Sam, who graduated last month, spent around 120 hours studying the tortoises, investigating into how colour affects their feeding habits. He used coloured cones to observe their use of space and foraging behaviours. It is believed that tortoises have a tetrachromatic vision and possess four independent channels for conveying colour information but little is known about how strongly developed this sense is and how much they use it in the wild.

Frankie Kerridge presenting student Sam Long’s poster at the BIAZA research conference

Speaking about the project, Sam said: “It was fantastic to explore the exotic animals. It was an invaluable opportunity to learn more about animal behaviour and to collect first-hand evidence for my dissertation.”

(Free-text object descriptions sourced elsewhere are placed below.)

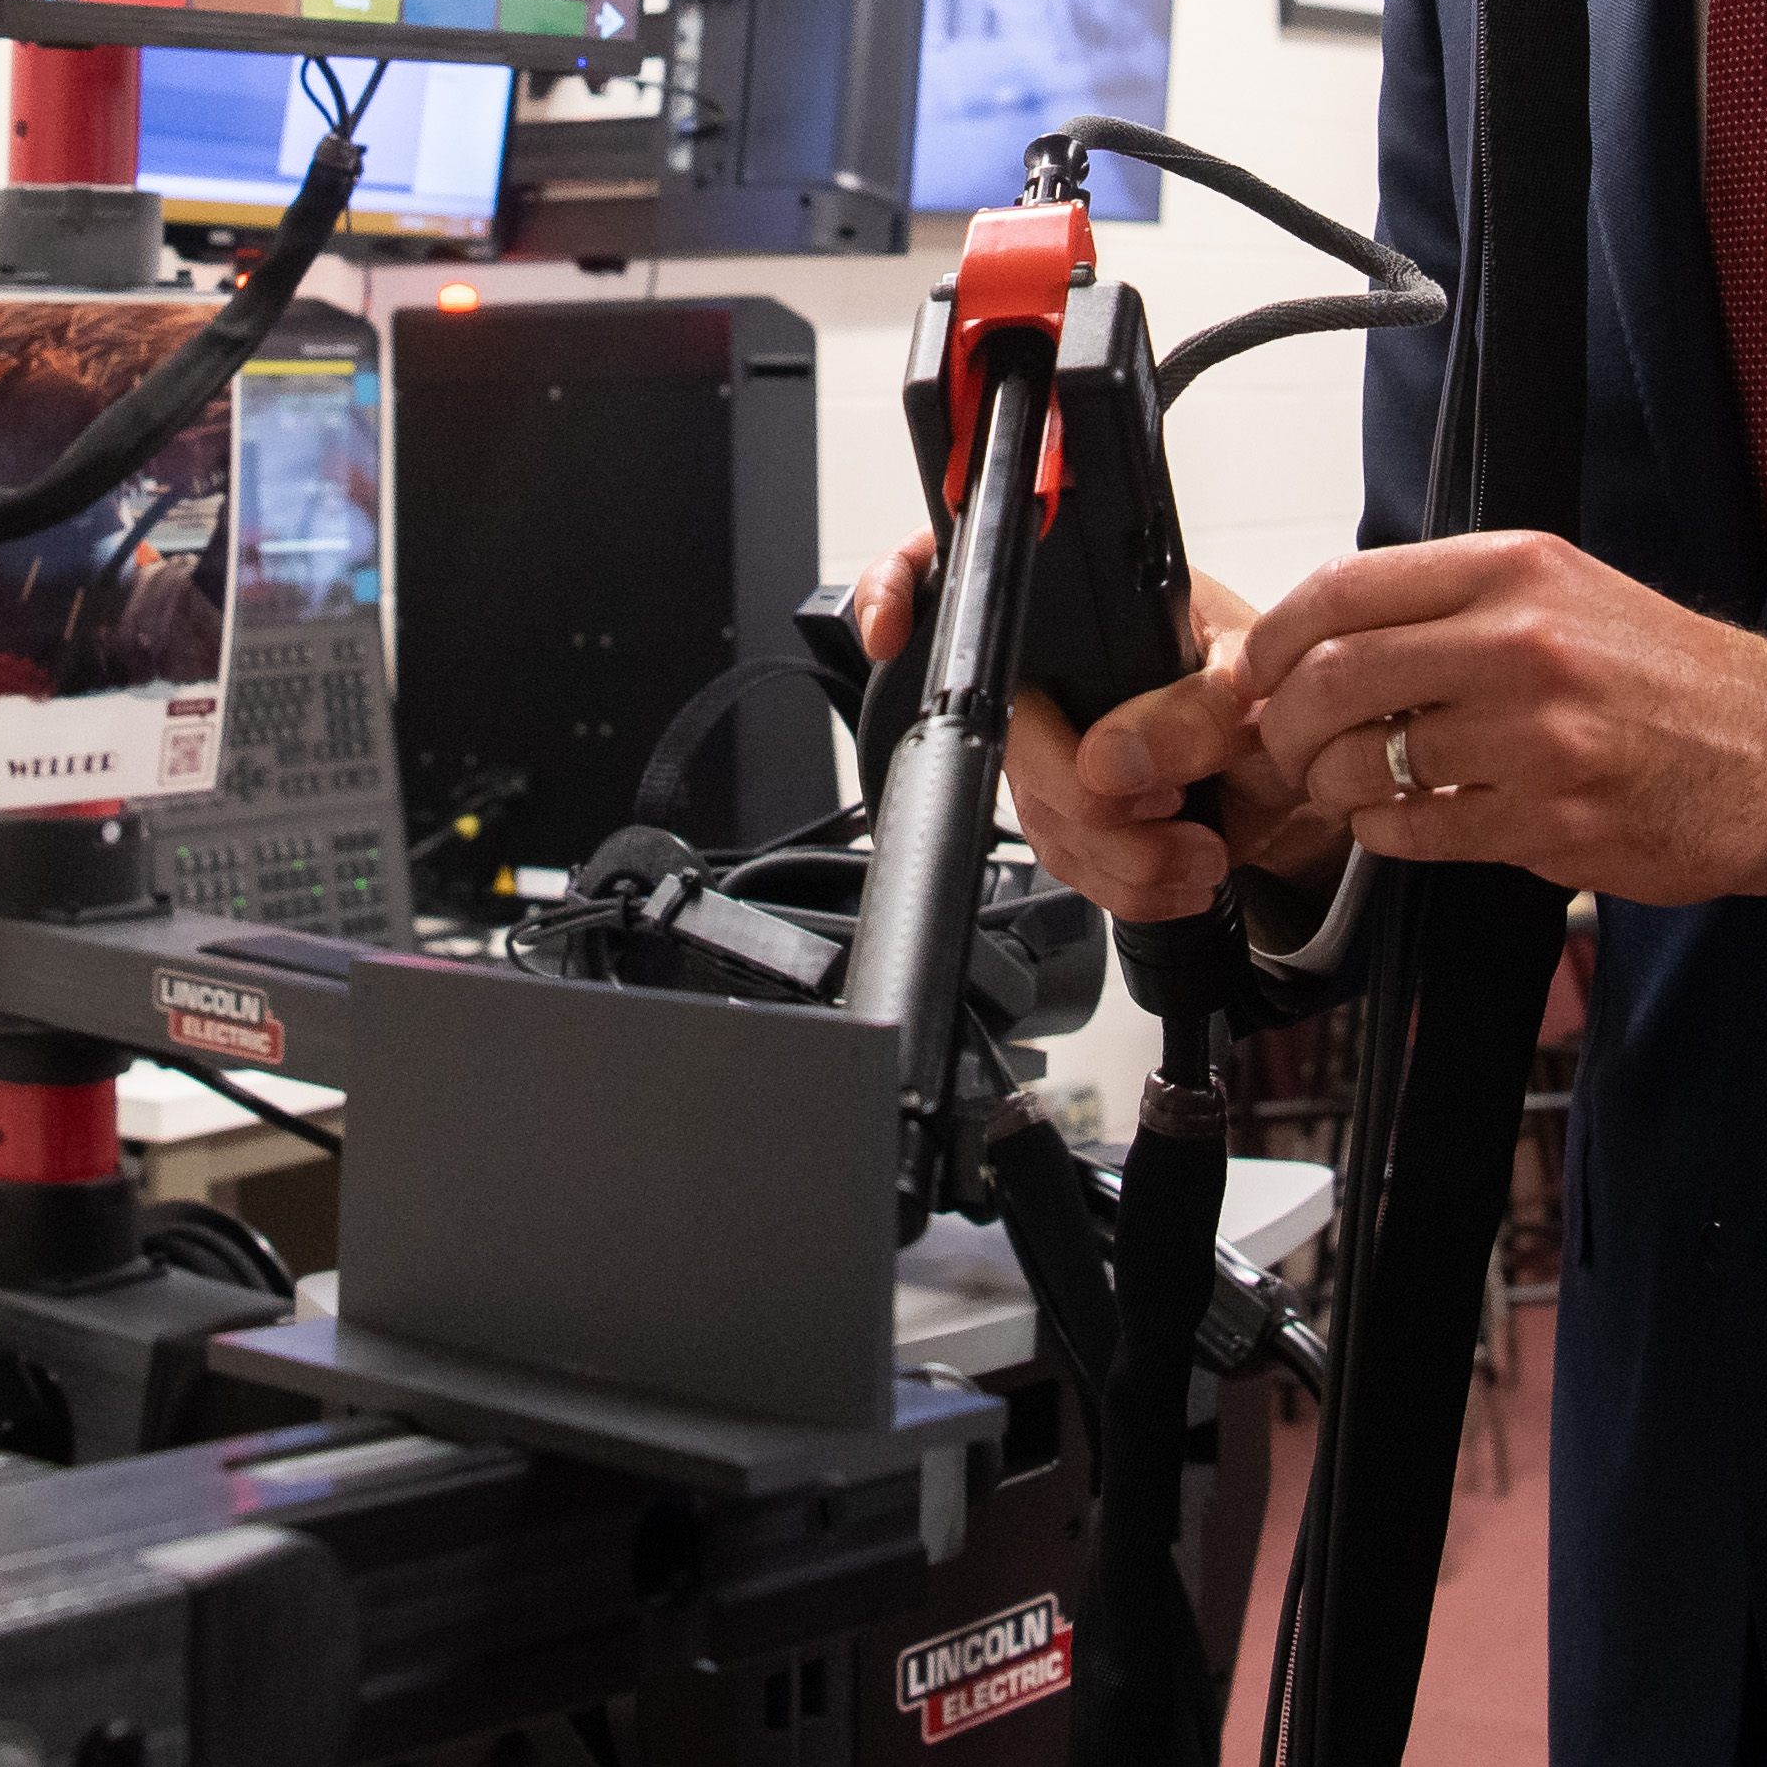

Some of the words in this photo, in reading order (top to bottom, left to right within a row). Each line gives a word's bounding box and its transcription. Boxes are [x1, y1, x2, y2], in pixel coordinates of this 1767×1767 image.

[159, 977, 261, 1024] LINCOLN
[182, 1013, 271, 1054] ELECTRIC
[907, 1605, 1049, 1699] LINCOLN
[941, 1648, 1065, 1725] ELECTRIC
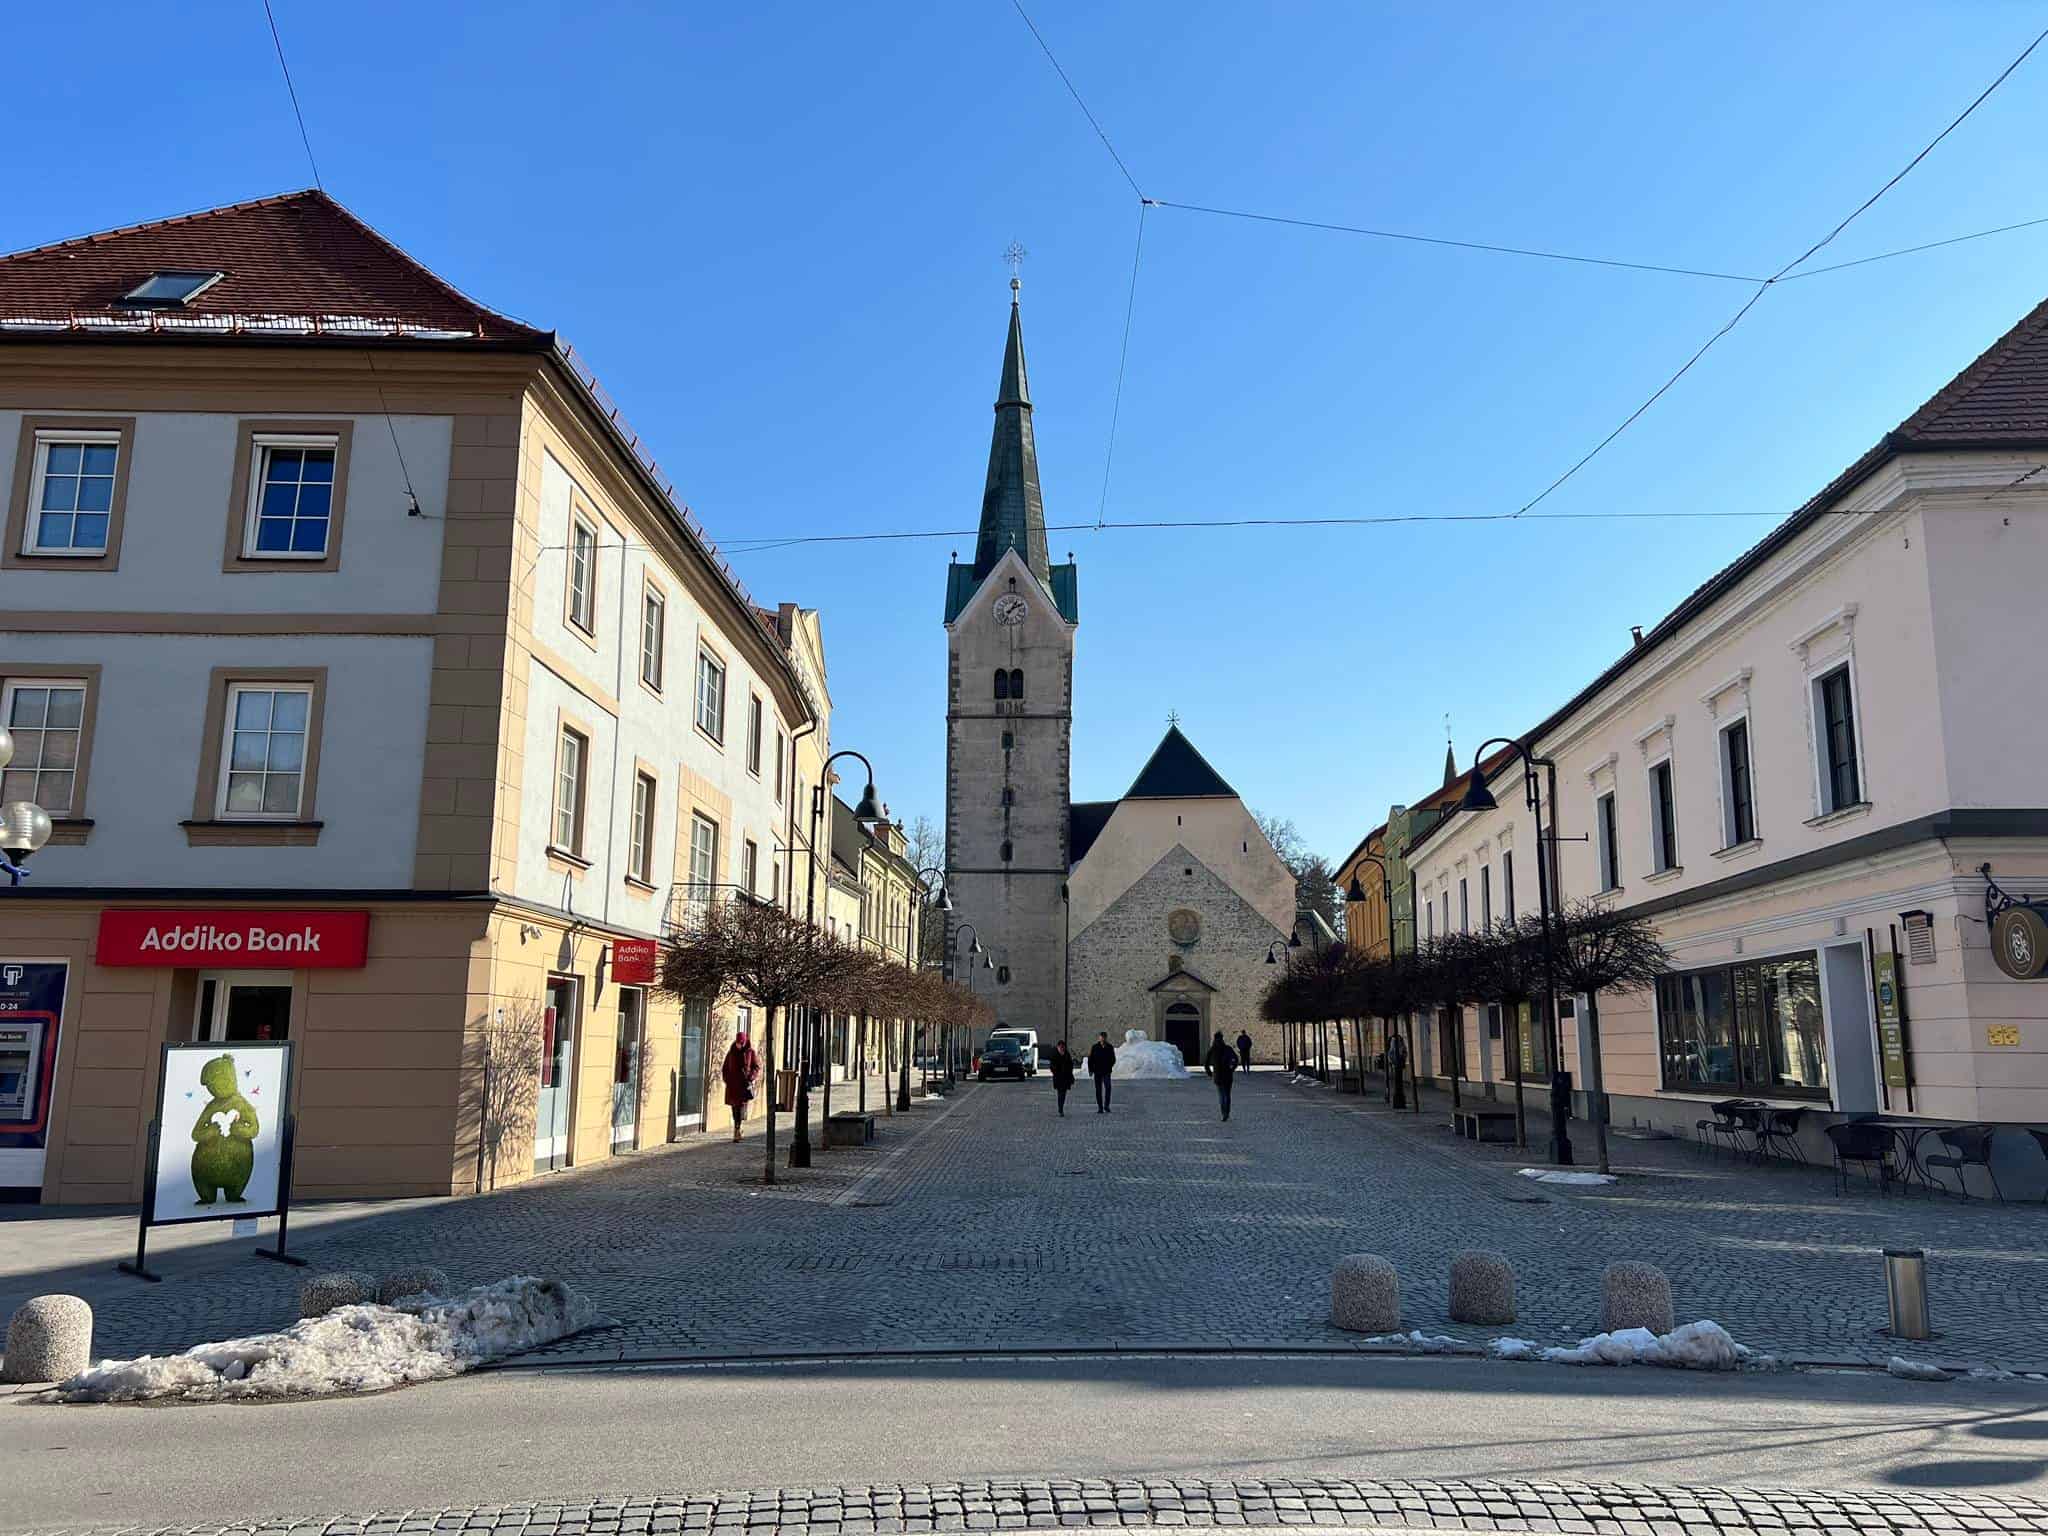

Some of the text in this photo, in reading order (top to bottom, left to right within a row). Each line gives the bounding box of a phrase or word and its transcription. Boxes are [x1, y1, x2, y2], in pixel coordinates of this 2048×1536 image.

[140, 925, 321, 952] Addiko Bank
[619, 945, 649, 953] Addiko
[618, 954, 640, 962] Bank

Sam’s research was presented to an audience of around 120 zookeepers, wildlife professionals and academics at the annual BIAZA Research Conference, at the Welsh Mountain Zoo in early August.

Frankie Kerridge, Biology lecturer at the University of Bolton, attended the conference and said: “It was a pleasure to present Sam’s research at the conference. Tortoises and other reptiles are often overlooked in favour of more charismatic animals, but when you think about how long they live for, it is important that we give them stimulating captive environments which will improve their welfare.”